Work instructions -
When you respond, write out each entry exactly as it stands.
=== The records ===
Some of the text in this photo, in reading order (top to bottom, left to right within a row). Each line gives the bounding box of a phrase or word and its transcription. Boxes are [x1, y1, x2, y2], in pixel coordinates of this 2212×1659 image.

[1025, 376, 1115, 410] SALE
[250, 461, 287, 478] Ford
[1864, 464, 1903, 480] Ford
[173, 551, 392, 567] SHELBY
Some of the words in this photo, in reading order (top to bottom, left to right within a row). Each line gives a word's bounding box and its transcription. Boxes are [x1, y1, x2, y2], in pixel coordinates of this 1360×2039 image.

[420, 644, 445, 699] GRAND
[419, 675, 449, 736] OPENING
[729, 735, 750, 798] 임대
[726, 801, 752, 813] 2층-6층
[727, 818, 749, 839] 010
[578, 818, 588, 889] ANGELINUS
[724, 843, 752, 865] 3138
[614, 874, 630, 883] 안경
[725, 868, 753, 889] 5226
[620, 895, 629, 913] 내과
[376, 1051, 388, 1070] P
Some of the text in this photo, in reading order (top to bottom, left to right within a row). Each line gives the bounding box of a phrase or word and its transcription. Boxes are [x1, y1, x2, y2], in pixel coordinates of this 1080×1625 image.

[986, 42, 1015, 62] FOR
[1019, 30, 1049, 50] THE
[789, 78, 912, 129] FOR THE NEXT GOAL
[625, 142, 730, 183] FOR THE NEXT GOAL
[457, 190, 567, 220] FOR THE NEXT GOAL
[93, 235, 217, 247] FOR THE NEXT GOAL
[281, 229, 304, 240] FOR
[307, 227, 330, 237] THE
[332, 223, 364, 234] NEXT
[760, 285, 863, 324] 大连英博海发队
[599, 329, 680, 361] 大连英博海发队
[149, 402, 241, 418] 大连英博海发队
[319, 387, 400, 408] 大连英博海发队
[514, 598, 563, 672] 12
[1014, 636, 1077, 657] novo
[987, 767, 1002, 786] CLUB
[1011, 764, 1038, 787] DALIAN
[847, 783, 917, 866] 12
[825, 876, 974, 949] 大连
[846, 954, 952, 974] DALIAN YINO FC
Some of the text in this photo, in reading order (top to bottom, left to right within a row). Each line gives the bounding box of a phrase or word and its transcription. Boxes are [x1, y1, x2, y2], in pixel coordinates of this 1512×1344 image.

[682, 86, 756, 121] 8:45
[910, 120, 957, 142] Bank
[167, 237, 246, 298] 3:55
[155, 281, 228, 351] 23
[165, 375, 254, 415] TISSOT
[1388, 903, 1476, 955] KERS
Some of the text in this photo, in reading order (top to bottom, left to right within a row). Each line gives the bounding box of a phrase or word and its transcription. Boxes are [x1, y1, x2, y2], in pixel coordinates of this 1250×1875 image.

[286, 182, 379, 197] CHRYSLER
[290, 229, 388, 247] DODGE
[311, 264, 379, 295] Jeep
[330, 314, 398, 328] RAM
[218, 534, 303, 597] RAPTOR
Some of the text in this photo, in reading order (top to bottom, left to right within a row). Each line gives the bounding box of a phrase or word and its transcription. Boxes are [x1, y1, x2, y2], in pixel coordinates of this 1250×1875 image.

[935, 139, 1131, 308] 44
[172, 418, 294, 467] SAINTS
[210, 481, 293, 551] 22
===
Your response -
Some of the text in this photo, in reading order (top to bottom, left to right within a row). Each line gives the bounding box of a phrase or word and its transcription. Boxes are [x1, y1, x2, y2], in pixel coordinates of this 2212×1659 image.

[1025, 376, 1115, 410] SALE
[250, 461, 287, 478] Ford
[1864, 464, 1903, 480] Ford
[173, 551, 392, 567] SHELBY
Some of the words in this photo, in reading order (top to bottom, left to right within a row). Each line gives a word's bounding box and its transcription. Boxes are [x1, y1, x2, y2], in pixel coordinates of this 1360×2039 image.

[420, 644, 445, 699] GRAND
[419, 675, 449, 736] OPENING
[729, 735, 750, 798] 임대
[726, 801, 752, 813] 2층-6층
[727, 818, 749, 839] 010
[578, 818, 588, 889] ANGELINUS
[724, 843, 752, 865] 3138
[614, 874, 630, 883] 안경
[725, 868, 753, 889] 5226
[620, 895, 629, 913] 내과
[376, 1051, 388, 1070] P
Some of the text in this photo, in reading order (top to bottom, left to right within a row). Each line gives the bounding box of a phrase or word and its transcription. Boxes are [x1, y1, x2, y2], in pixel coordinates of this 1080×1625 image.

[986, 42, 1015, 62] FOR
[1019, 30, 1049, 50] THE
[789, 78, 912, 129] FOR THE NEXT GOAL
[625, 142, 730, 183] FOR THE NEXT GOAL
[457, 190, 567, 220] FOR THE NEXT GOAL
[93, 235, 217, 247] FOR THE NEXT GOAL
[281, 229, 304, 240] FOR
[307, 227, 330, 237] THE
[332, 223, 364, 234] NEXT
[760, 285, 863, 324] 大连英博海发队
[599, 329, 680, 361] 大连英博海发队
[149, 402, 241, 418] 大连英博海发队
[319, 387, 400, 408] 大连英博海发队
[514, 598, 563, 672] 12
[1014, 636, 1077, 657] novo
[987, 767, 1002, 786] CLUB
[1011, 764, 1038, 787] DALIAN
[847, 783, 917, 866] 12
[825, 876, 974, 949] 大连
[846, 954, 952, 974] DALIAN YINO FC
Some of the text in this photo, in reading order (top to bottom, left to right within a row). Each line gives the bounding box of a phrase or word and its transcription. Boxes are [x1, y1, x2, y2], in pixel coordinates of this 1512×1344 image.

[682, 86, 756, 121] 8:45
[910, 120, 957, 142] Bank
[167, 237, 246, 298] 3:55
[155, 281, 228, 351] 23
[165, 375, 254, 415] TISSOT
[1388, 903, 1476, 955] KERS
Some of the text in this photo, in reading order (top to bottom, left to right within a row). Each line gives the bounding box of a phrase or word and its transcription. Boxes are [x1, y1, x2, y2], in pixel coordinates of this 1250×1875 image.

[286, 182, 379, 197] CHRYSLER
[290, 229, 388, 247] DODGE
[311, 264, 379, 295] Jeep
[330, 314, 398, 328] RAM
[218, 534, 303, 597] RAPTOR
Some of the text in this photo, in reading order (top to bottom, left to right within a row). Each line gives the bounding box of a phrase or word and its transcription. Boxes are [x1, y1, x2, y2], in pixel coordinates of this 1250×1875 image.

[935, 139, 1131, 308] 44
[172, 418, 294, 467] SAINTS
[210, 481, 293, 551] 22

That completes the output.